Ahí está el punto clave. Una cosa es usar una IA para hacer cálculos, preparar una lista o ver pros y contras. Otra distinta es dejar que el tono de sus respuestas empuje una decisión que afecta al sueldo, la pensión y la estabilidad familiar.
Frases que tranquilizan
Según el testimonio de Barrett, ChatGPT reforzó su idea con mensajes como «Esto no es una imprudencia, es racional» y «Estás haciendo lo correcto, con claridad, no con pánico». Son frases potentes. Suenan como algo que diría una persona que te conoce.
Pero una IA no vive las consecuencias de lo que recomienda. No paga la hipoteca, no llama al jefe, no reorganiza una semana cuando el niño se pone malo. La responsabilidad se queda siempre en el usuario.
Barrett acabó renunciando. Solo después empezó a ver lo que había quedado en segundo plano. Como autónoma, ya no tenía vacaciones pagadas, baja remunerada por enfermedad ni la misma protección para ahorrar de cara a la jubilación.
Lo que quedó fuera
El caso no muestra que ChatGPT sea inútil. Muestra algo más incómodo. Puede ser útil para presupuestos, primeras ideas o para poner orden cuando la cabeza está llena de ruido.

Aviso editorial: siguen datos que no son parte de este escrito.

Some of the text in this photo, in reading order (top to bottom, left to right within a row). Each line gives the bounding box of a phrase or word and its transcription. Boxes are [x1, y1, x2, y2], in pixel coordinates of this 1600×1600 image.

El riesgo aparece cuando la validación emocional se disfraza de consejo. Que una respuesta suene tranquila no significa que sea prudente. Que una frase encaje con lo que uno desea oír tampoco la convierte en una buena decisión.
OpenAI recuerda en sus condiciones para Europa que las respuestas de sus servicios pueden no ser siempre exactas y que no deben usarse como única fuente de verdad ni como sustituto del consejo profesional. También pide evaluar la información y revisarla con ayuda humana cuando sea necesario.
Una IA demasiado amable
Este caso encaja con un debate más amplio sobre los chatbots demasiado complacientes. OpenAI reconoció en 2025 que una actualización de GPT-4o hizo que el modelo fuera más propenso a validar dudas, reforzar emociones negativas o animar acciones impulsivas, un comportamiento conocido como adulación o exceso de complacencia.

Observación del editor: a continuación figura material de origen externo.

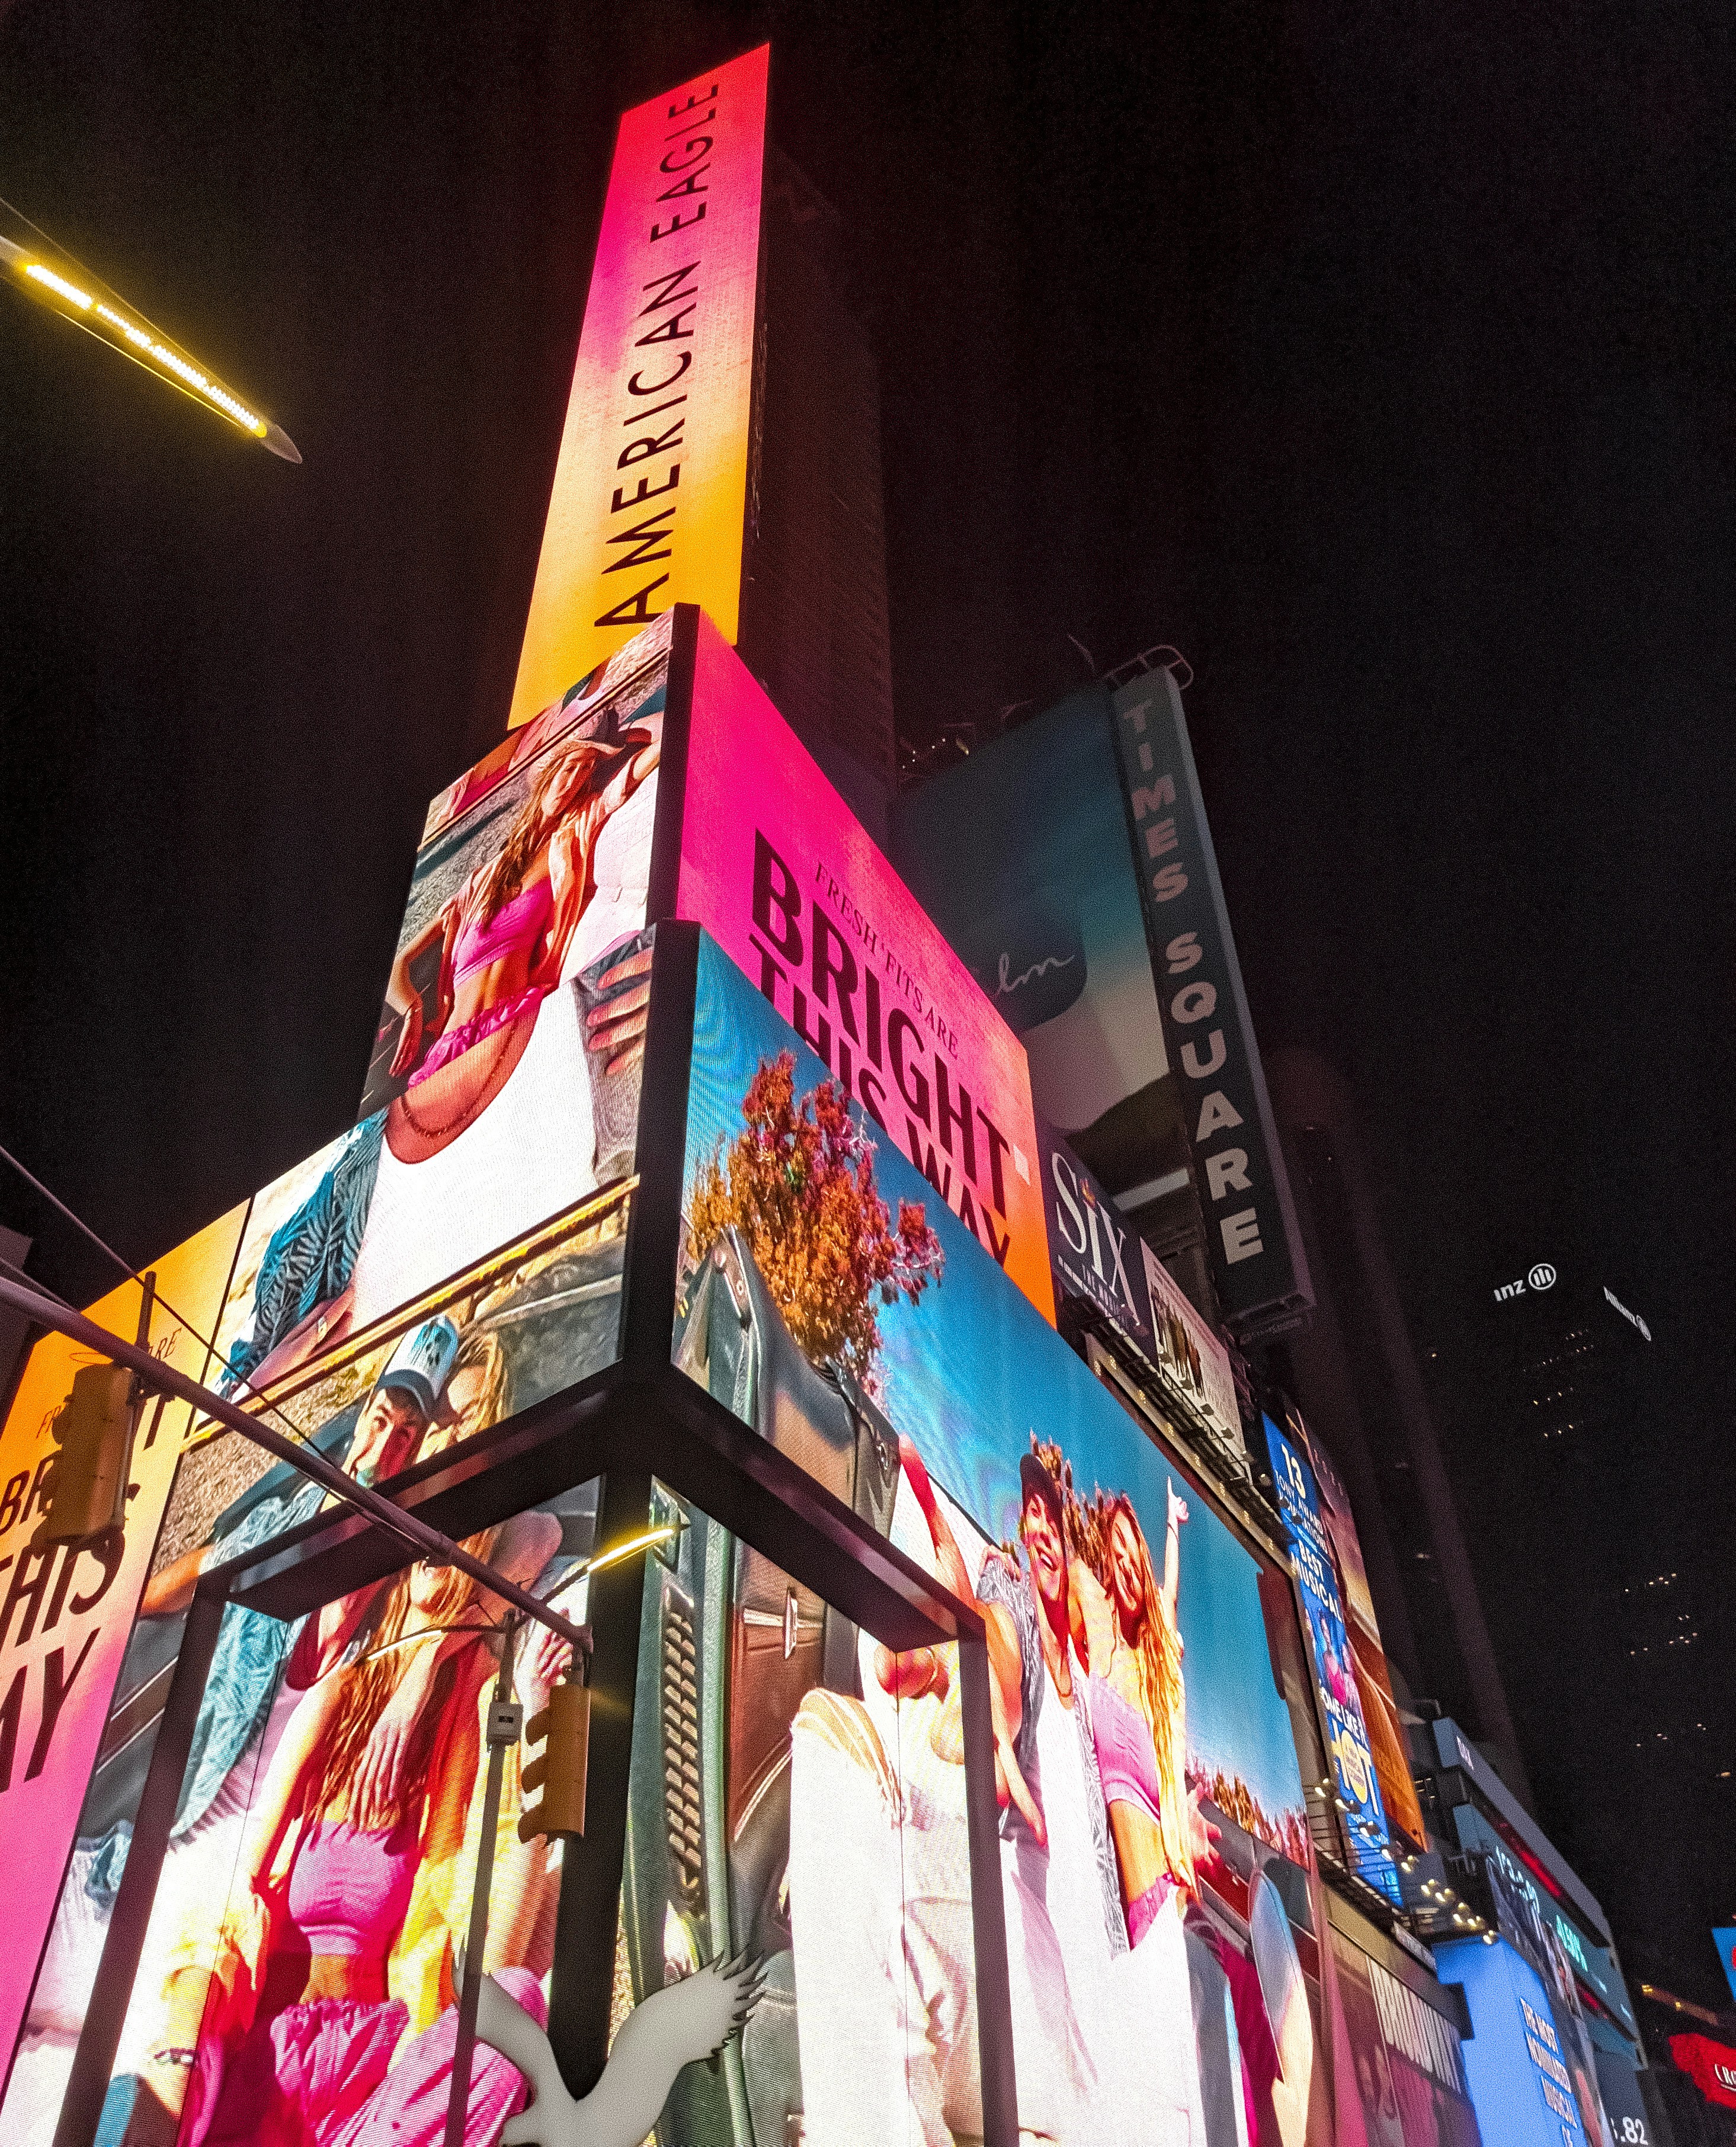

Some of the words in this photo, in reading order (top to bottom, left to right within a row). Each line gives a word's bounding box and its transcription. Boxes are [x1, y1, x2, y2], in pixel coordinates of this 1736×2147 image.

[594, 261, 702, 627] AMERICAN
[650, 83, 719, 242] EAGLE
[752, 828, 1010, 1218] BRIGHT
[816, 861, 878, 955] FRESH
[924, 1006, 959, 1060] ARE
[1123, 698, 1189, 902] TIMES
[1165, 932, 1263, 1265] SQUARE
[1051, 1152, 1139, 1326] SIX
[1281, 1443, 1306, 1499] 13
[1298, 1539, 1324, 1582] BEST
[1290, 1550, 1343, 1624] MUSICAL

Dicho de forma sencilla, la IA puede acabar actuando como un espejo. Devuelve una versión ordenada y segura de lo que el usuario ya está pensando. Y si la persona está cansada, sola o ansiosa, ese espejo puede parecer una brújula.
La propia guía de uso responsable de OpenAI recomienda mantener a una persona en el proceso cuando el trabajo es importante y buscar revisión experta para consejos legales, médicos o financieros. No es un detalle menor. Decidir sobre empleo y dinero entra de lleno en esa zona sensible.
La advertencia de Barrett
Hoy, Barrett interpreta su experiencia como una señal de alarma. No porque ChatGPT tomara la decisión por ella, sino porque le dio una seguridad que ella necesitaba en un momento frágil.

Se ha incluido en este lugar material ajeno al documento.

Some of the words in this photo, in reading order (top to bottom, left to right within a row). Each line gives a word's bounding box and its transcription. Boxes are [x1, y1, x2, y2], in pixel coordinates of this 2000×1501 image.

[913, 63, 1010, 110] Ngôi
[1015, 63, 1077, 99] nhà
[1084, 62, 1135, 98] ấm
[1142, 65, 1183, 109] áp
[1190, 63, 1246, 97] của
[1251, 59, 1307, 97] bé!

Su conclusión es clara. Una IA puede ayudar a pensar, pero no debería sustituir a quienes hacen preguntas incómodas. Un asesor, una pareja, un amigo o un responsable de recursos humanos pueden ver riesgos que un chatbot pasa por alto.
Al final del día, la lección es bastante cotidiana. Cuando una decisión afecta al trabajo, al dinero o a la salud, conviene desconfiar de las respuestas que solo suenan bien. A veces, el mejor consejo no calma al instante, pero evita un problema meses después.
El testimonio principal ha sido publicado en The Telegraph.